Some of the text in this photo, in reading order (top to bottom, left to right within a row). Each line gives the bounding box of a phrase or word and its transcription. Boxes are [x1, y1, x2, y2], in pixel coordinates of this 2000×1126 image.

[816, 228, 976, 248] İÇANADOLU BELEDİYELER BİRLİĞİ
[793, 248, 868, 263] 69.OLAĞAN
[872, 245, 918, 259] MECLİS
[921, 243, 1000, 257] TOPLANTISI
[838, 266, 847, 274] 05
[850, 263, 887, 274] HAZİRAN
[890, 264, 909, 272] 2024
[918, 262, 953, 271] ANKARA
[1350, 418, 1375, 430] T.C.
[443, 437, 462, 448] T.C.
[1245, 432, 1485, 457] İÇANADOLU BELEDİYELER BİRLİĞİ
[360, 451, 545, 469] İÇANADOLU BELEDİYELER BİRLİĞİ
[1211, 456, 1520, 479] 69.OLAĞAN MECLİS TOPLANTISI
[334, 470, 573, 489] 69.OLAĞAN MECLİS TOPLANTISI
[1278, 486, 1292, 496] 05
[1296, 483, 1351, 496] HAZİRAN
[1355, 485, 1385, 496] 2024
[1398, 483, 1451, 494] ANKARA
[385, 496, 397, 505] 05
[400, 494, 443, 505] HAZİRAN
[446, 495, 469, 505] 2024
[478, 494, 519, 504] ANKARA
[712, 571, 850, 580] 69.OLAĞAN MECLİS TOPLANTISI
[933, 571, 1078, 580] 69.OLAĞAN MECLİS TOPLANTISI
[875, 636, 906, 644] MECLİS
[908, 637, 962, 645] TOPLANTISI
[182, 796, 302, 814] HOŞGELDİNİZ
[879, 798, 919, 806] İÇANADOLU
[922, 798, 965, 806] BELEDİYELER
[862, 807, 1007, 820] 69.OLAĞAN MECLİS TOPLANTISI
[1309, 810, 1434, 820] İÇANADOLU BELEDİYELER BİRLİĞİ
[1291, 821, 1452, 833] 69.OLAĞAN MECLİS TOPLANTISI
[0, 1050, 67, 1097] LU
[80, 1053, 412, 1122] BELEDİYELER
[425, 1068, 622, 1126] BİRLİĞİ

PROBLEM TO WORK ON: Check each line of the records above for the string "HAZİRAN", and report every line that has it.

FINAL ANSWER:
[850, 263, 887, 274] HAZİRAN
[1296, 483, 1351, 496] HAZİRAN
[400, 494, 443, 505] HAZİRAN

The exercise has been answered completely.